Free-text object descriptions
Start of Block

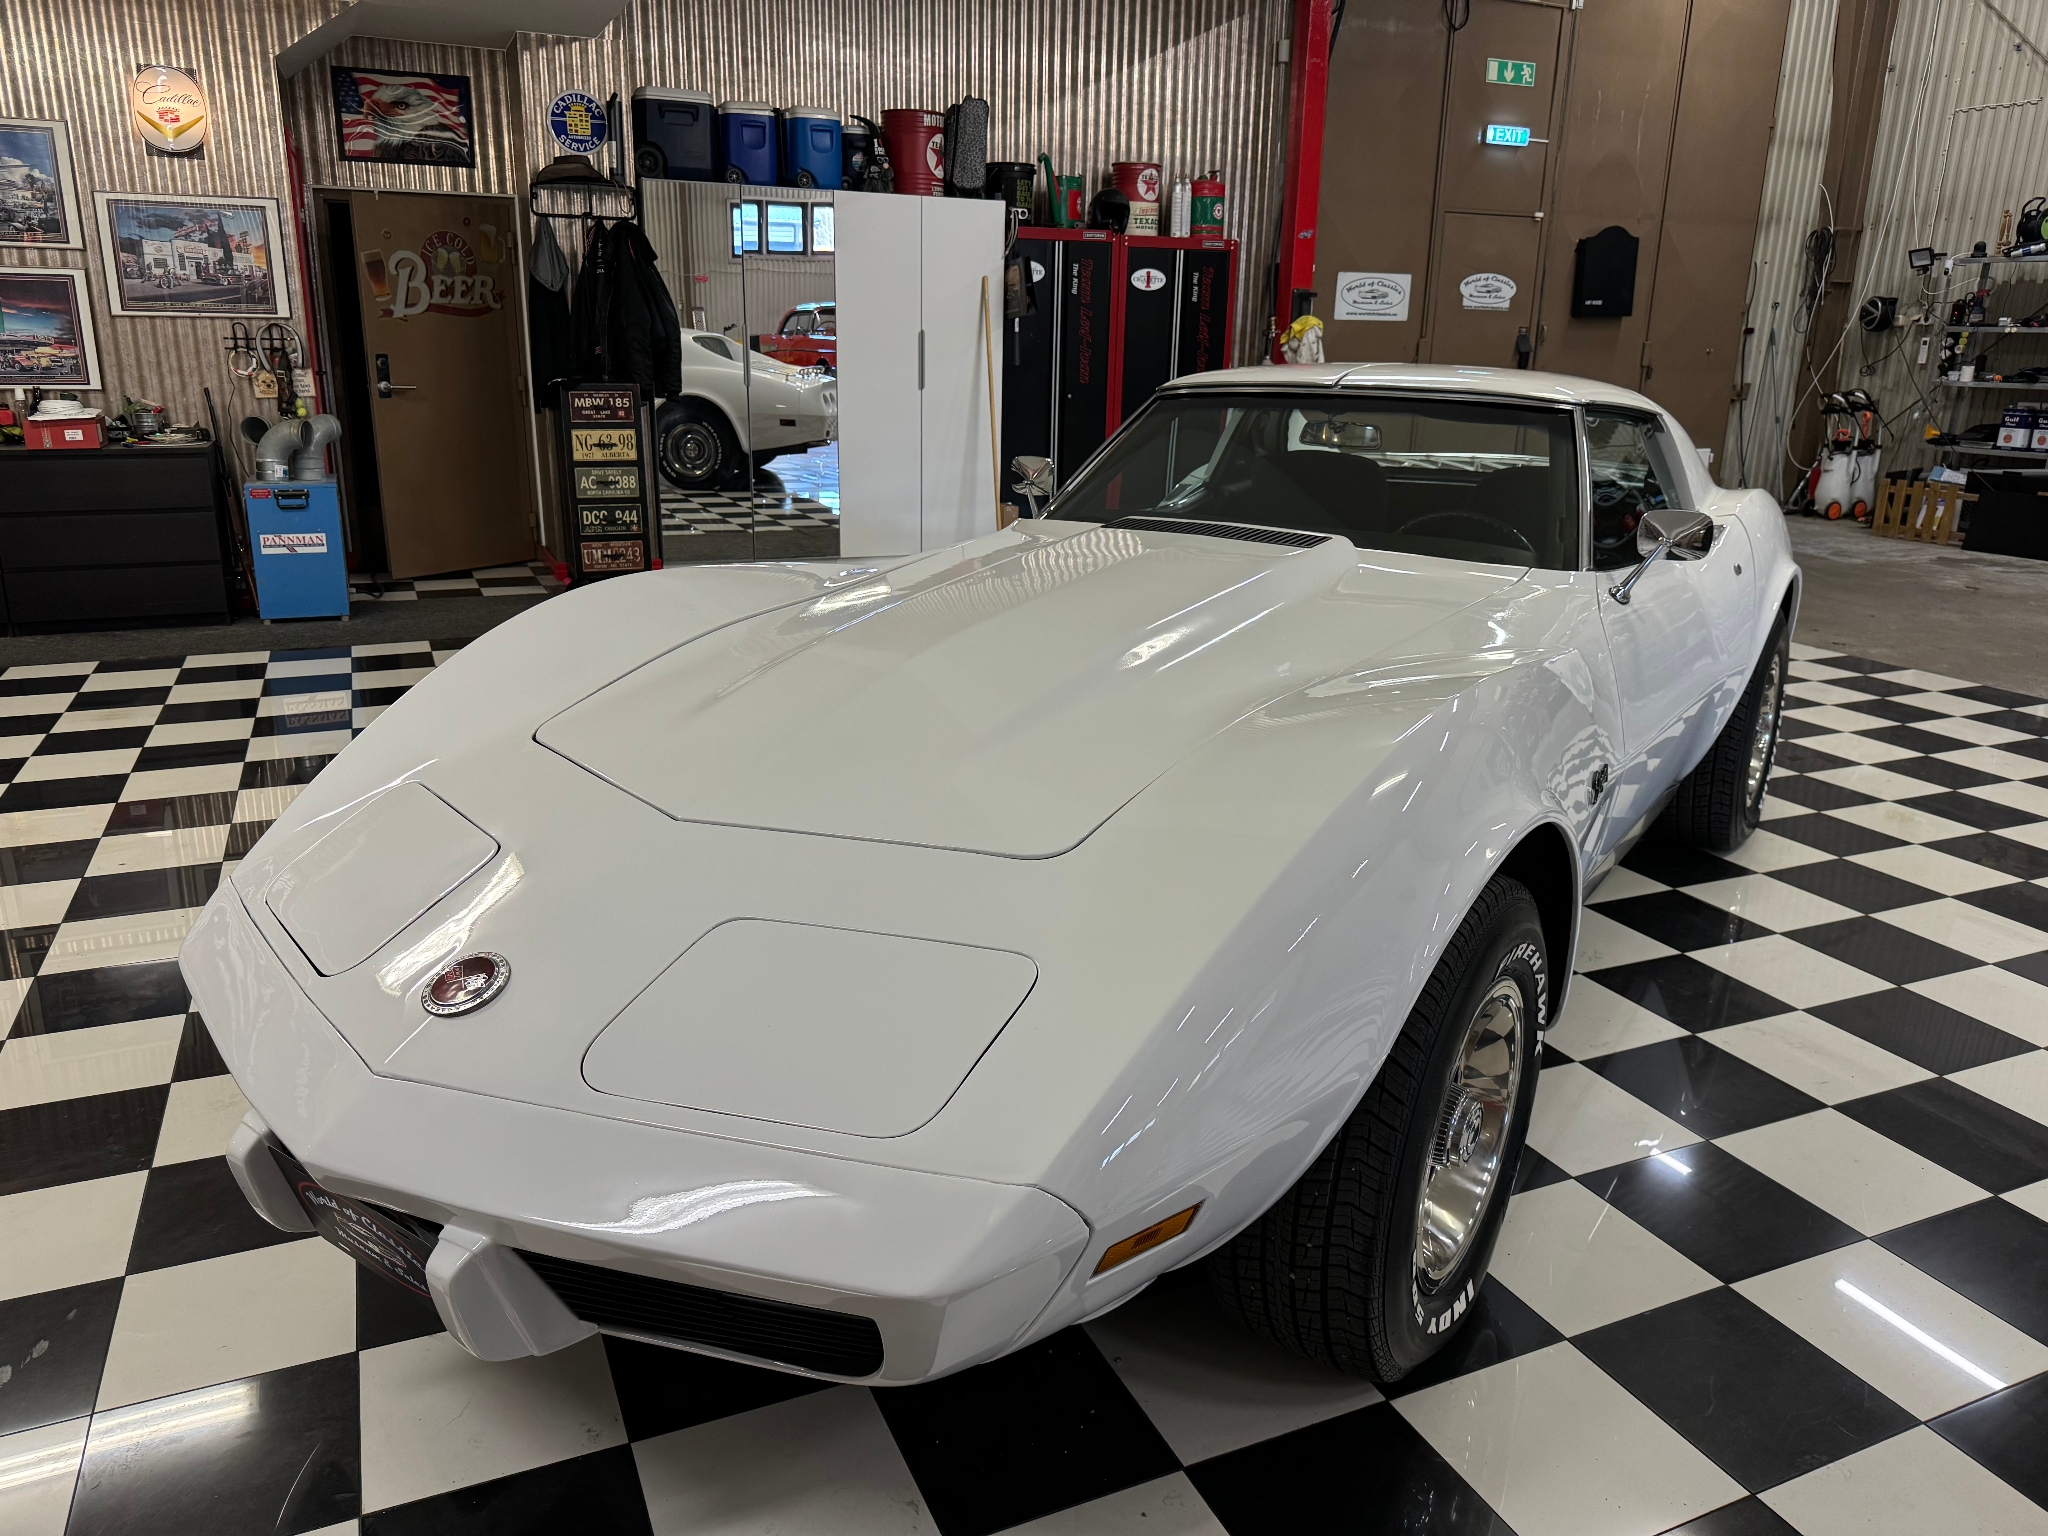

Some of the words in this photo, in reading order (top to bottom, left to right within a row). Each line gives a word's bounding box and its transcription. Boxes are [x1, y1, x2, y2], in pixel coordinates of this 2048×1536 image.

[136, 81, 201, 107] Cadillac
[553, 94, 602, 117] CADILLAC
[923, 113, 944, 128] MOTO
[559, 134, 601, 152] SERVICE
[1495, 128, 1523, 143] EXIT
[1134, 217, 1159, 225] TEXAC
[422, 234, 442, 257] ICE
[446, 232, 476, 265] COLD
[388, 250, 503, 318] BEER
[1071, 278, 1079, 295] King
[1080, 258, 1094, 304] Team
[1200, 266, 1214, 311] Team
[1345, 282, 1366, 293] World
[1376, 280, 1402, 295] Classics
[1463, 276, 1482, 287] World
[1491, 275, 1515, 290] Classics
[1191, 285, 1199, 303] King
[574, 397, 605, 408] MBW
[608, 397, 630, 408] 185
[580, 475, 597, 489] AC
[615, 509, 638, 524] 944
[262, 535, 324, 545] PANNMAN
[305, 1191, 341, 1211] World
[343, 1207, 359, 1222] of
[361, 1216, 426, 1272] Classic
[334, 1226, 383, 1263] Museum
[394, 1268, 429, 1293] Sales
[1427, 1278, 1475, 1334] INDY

End of Block

Problem description: Please reproduce every record exactly as written, excluding the pictures.

Answer to the exercise:
Some of the words in this photo, in reading order (top to bottom, left to right within a row). Each line gives a word's bounding box and its transcription. Boxes are [x1, y1, x2, y2], in pixel coordinates of this 2048×1536 image.

[136, 81, 201, 107] Cadillac
[553, 94, 602, 117] CADILLAC
[923, 113, 944, 128] MOTO
[559, 134, 601, 152] SERVICE
[1495, 128, 1523, 143] EXIT
[1134, 217, 1159, 225] TEXAC
[422, 234, 442, 257] ICE
[446, 232, 476, 265] COLD
[388, 250, 503, 318] BEER
[1071, 278, 1079, 295] King
[1080, 258, 1094, 304] Team
[1200, 266, 1214, 311] Team
[1345, 282, 1366, 293] World
[1376, 280, 1402, 295] Classics
[1463, 276, 1482, 287] World
[1491, 275, 1515, 290] Classics
[1191, 285, 1199, 303] King
[574, 397, 605, 408] MBW
[608, 397, 630, 408] 185
[580, 475, 597, 489] AC
[615, 509, 638, 524] 944
[262, 535, 324, 545] PANNMAN
[305, 1191, 341, 1211] World
[343, 1207, 359, 1222] of
[361, 1216, 426, 1272] Classic
[334, 1226, 383, 1263] Museum
[394, 1268, 429, 1293] Sales
[1427, 1278, 1475, 1334] INDY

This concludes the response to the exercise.